Em 2023 a Ordem dos Frades Menores celebrará oitocentos anos da criação do Presépio, criado por Francisco de Assis em Greccio. Este marco é muito importante para a família Franciscana, pois trata-se de uma das maiores contribuições do Poverelo de Assis para a Igreja. O Pobre de Assis, era um grande admirador do Deus que se fez pequeno; o Sumo bem que se tornou nosso irmão. Por isso, contemplar o Menino-Deus na cena do Seu nascimento, era como uma necessidade para Francisco. A imagem de um curumim envolto em palhas, certamente foi marcante no caminho espiritual do Pobre de Assis. Ao iniciarmos as comemorações do oitavo centenário da criação do Presépio em Greccio e da aprovação da Regra Bulada, queremos também voltar nossos olhos para a realidade amazônica, lugar encantador e espaço fecundo para a encarnação do carisma franciscano. 

Na vida de Francisco tudo foi litúrgico, pois sua vida foi uma verdadeira liturgia. Sobre isso Frei Alberto Beckhäuser afirmou, “toda a vida de São Francisco transformou-se numa autêntica liturgia, tanto o celebrativo ritual dos mistérios da salvação como a vivência no serviço da caridade, no lava-pés”. (2018, p.114). Gestos e símbolos, estiveram presentes em toda a história de Francisco que nos é contada por diversos biógrafos. 

As narrativas mostram o quanto o Poverello era atento e encarnado na sua realidade. Esse viver litúrgico de Francisco são as bases da construção do presépio.  O desejo de bem celebrar o Natal foi isso que o levou aos acontecimentos em Greccio no ano de 1223. Foi naquele lugar que Francisco quis representar a encarnação do Verbo Divino com um admirável sinal. E hoje, em diversas partes do mundo e com rostos de culturas tão distintas, se armam presépios como sinais de esperança. 

Um curumim no meio das palhas 

O mistério do Deus pequenino, envolto em faixas, no meio das palhas e dos animais cativou profundamente o Santo de Assis. Uma realidade esplêndida, o Altíssimo que desce até nós e se faz menino, “anunciada com simplicidade e alegria” (cf. Admirabile Signum, 1). Francisco, queria sentir aquele clima; ele queria estar naquela cena evangélica e trazer ao colo Jesus. Por esse motivo reuniu o povo de Greccio. O presépio contém em si não somente uma visualização do Natal, mas nos recorda a missão de testemunhar que Jesus nasceu como príncipe da Paz. 

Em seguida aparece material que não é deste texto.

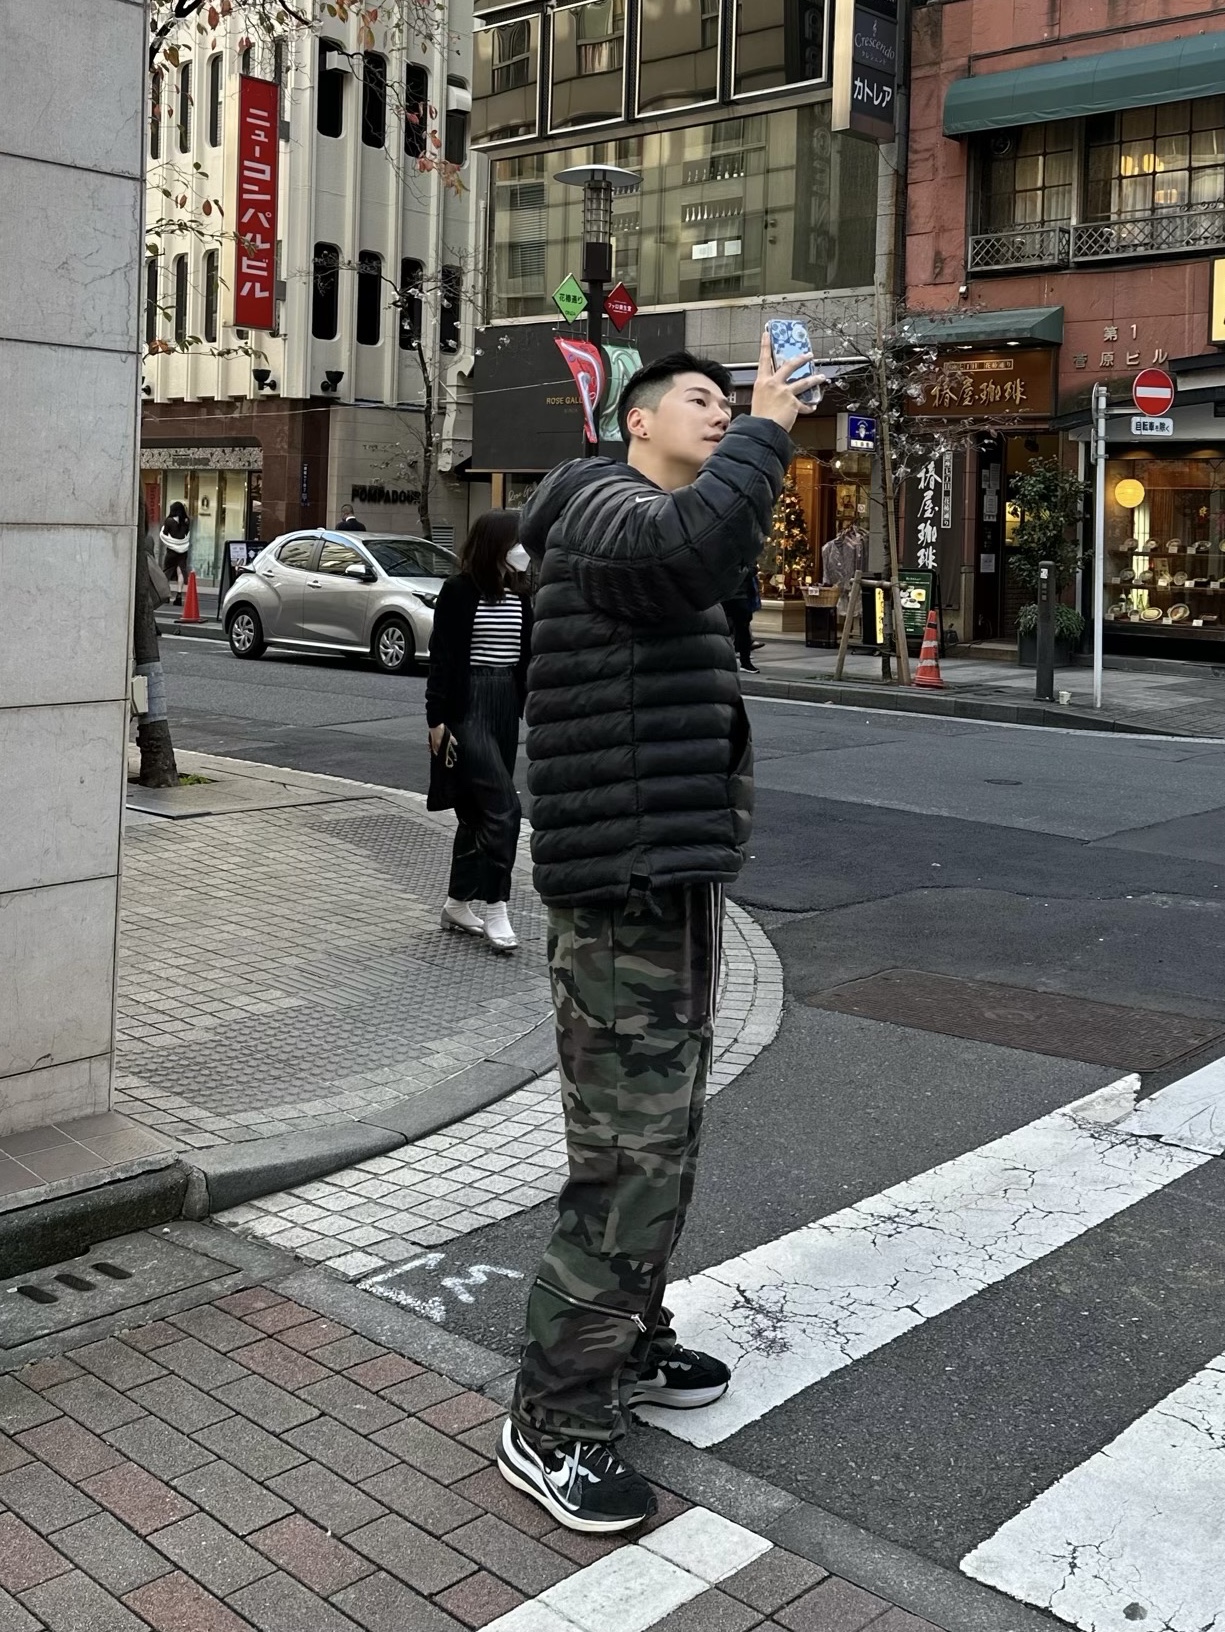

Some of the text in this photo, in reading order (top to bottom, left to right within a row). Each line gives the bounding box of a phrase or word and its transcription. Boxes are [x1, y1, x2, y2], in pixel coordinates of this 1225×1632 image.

[855, 32, 896, 60] Crescendo
[853, 76, 892, 108] カトレア
[1073, 348, 1168, 369] 菅原ビル
[546, 396, 584, 405] ROSE GALL
[1135, 421, 1170, 433] 自転車を除く

 Muitos são os lugares que arrumam presépios para materializar as páginas das escrituras. Existem igualmente “presépios reais” que presentifica os apuros daquele família em Belém. E alguns desses sofrimentos podemos localizar na realidade amazônica, nas dores das famílias de migrantes, pessoas necessitadas nas periferias urbanas, pequenos agricultores ameaçados, povos indígenas, entre outros. Esse rosto amazônico do presépio mostra que o mistério, a beleza e os dramas da Amazônia são encarnados, ou seja, assumidos, pela Palavra do Pai. 

 

Armou sua rede no meio das nossas

A Amazônia é um grande presépio que podemos contemplar. Ela nos inspira poesia e cuidado. Do mesmo modo como no Natal do Senhor, em nosso chão amazônico surgem ameaças e perigos que vêm da parte de muitos dos poderosos desta terra.  Além disso, no presépio vemos ainda a Criação que cerca e acolhe seu Autor, assim como a Amazônia que se abre para acolher e manifestar o amor do seu Criador. Mas devemos perceber também que a região amazônica é uma casa ameaçada, um ambiente que vai se tornando, ao invés de acolhedor, hostil. 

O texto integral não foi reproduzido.